Provincial Deputation overview
- Formed: 3 January 1836
- Jurisdiction: Province of Toledo
- Headquarters: Edificio de la Diputación de Toledo [es]. Toledo, Spain

= Provincial Deputation of Toledo =

The Provincial Deputation of Toledo (Spanish: Diputación Provincial de Toledo) or Provincial Council of Toledo is the institution charged with the government and administration of the Spanish province of Toledo.

== History ==
Following the 1812 Constitution, the first deputation should have convened on 14 August 1813, although there are no records of meetings for such period neither for the Trienio Liberal. Following the 1833 division of Spain and the ensuing 1835 decree on the creation of provincial deputations, the provincial deputation of Toledo was definitely installed on 3 January 1836. Santiago Villa, from Torrijos, became the first president of the provincial corporation.

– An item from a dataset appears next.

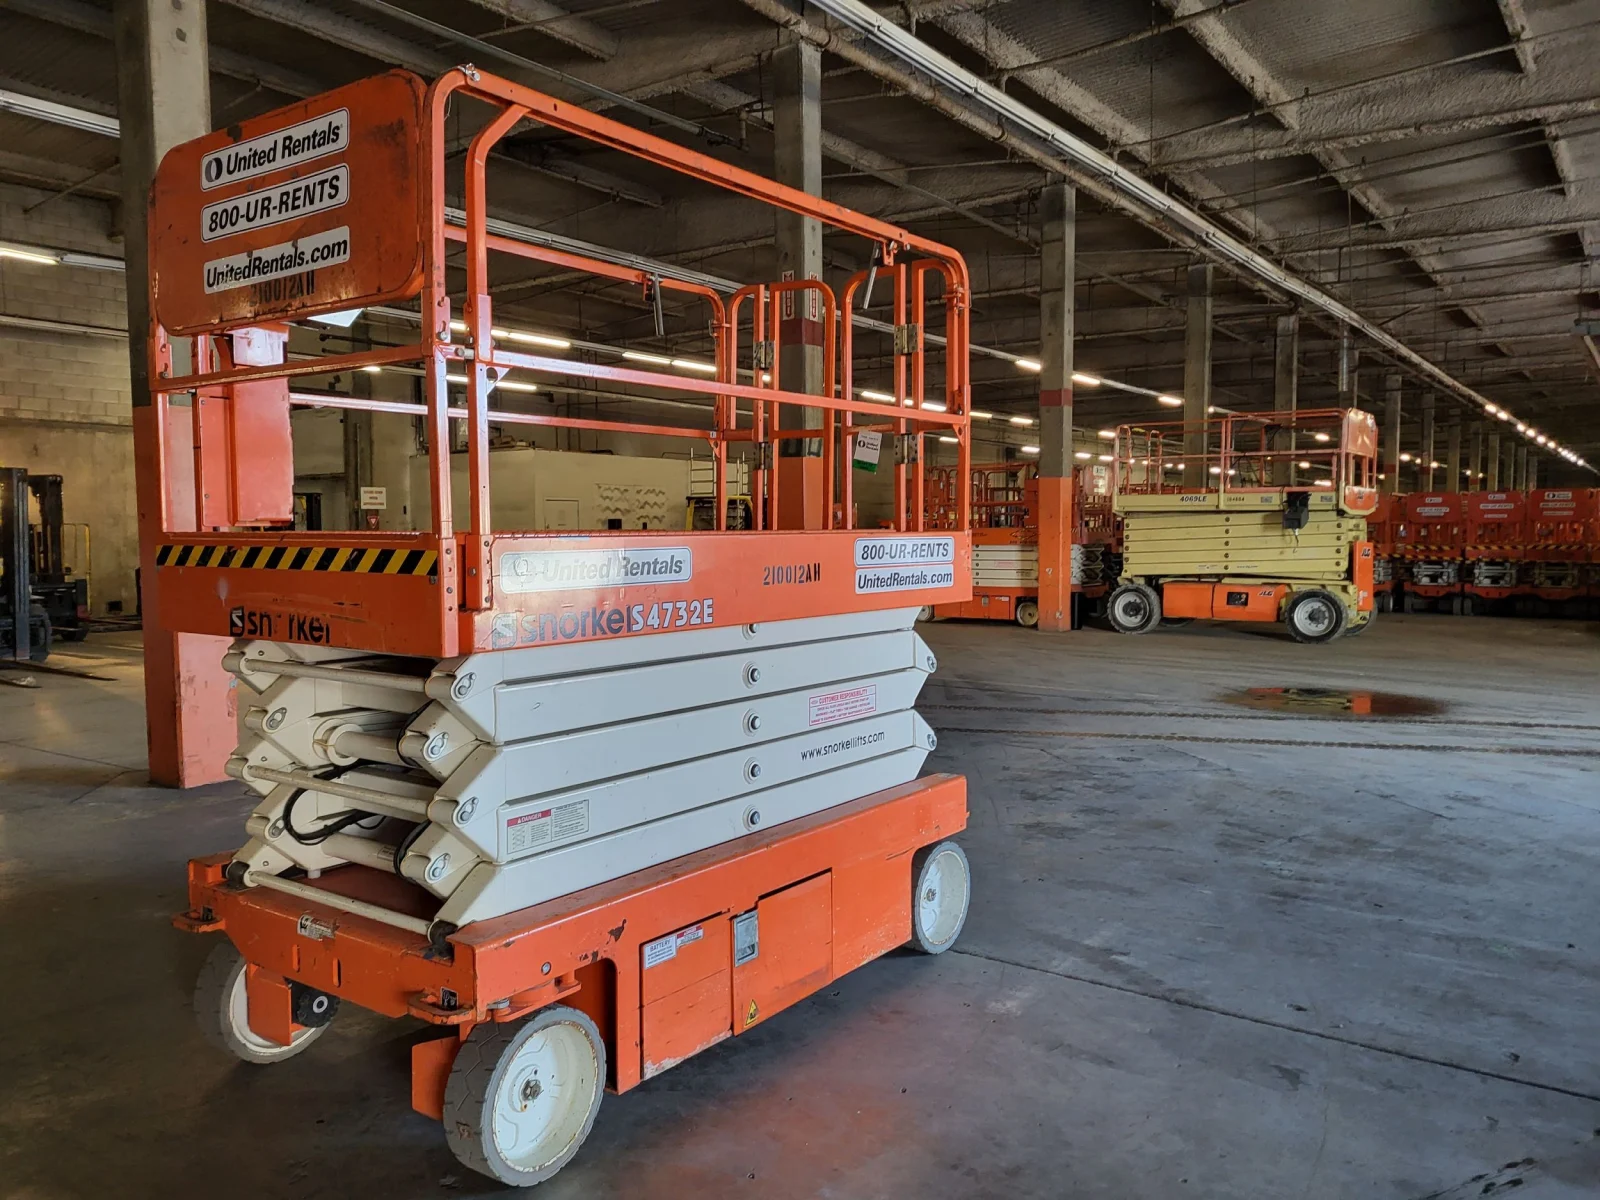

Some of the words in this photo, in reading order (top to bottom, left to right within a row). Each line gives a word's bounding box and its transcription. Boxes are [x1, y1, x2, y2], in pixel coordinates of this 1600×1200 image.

The provincial deputation opened its current headquarters in 1899.

== Composition ==

Composition of the Deputation after the 2023 Spanish local elections
| Political party | Votes | % | Deputies |
| Socialist Party of Castilla–La Mancha (PSCM-PSOE) | 149,573 | 40.73% | 13 |
| People's Party of Castilla–La Mancha (PP-CLM) | 144,541 | 39.37% | 13 |
| Vox (VOX) | 34,646 | 9.43% | 1 |

== Structure ==
The composition of its deliberative assembly or plenary (pleno) is indirectly determined on the basis of its election by the elected municipal councillors of all ayuntamientos. The partisan distribution of the plenary is determined as per the D'Hondt apportionment of the results of the sum of municipal elections in each one of the judicial districts (as of 2019: Toledo, Talavera de la Reina, Torrijos, Quintanar de la Orden, Orgaz and Ocaña).

The president of the deputation is elected by the plenary from among its members at the constitutive session of the provincial corporation that follows the constitutive session of the municipal corporations (the ayuntamientos). The candidate needs to command a qualified majority in a first round of voting or a simple majority in a second round.

Since 2015, Álvaro Gutiérrez Prieto (Mayor of Escalona and member of the Spanish Socialist Workers' Party), serves as president of the provincial deputation.